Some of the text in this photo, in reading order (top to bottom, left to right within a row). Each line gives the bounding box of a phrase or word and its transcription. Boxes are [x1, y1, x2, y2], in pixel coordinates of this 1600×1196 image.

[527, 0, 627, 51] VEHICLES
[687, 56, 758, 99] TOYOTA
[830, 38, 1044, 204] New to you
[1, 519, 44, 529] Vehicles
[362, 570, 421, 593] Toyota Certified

■ ■ ■

Without altering a single character, write out every record above.

### SOLUTION
Some of the text in this photo, in reading order (top to bottom, left to right within a row). Each line gives the bounding box of a phrase or word and its transcription. Boxes are [x1, y1, x2, y2], in pixel coordinates of this 1600×1196 image.

[527, 0, 627, 51] VEHICLES
[687, 56, 758, 99] TOYOTA
[830, 38, 1044, 204] New to you
[1, 519, 44, 529] Vehicles
[362, 570, 421, 593] Toyota Certified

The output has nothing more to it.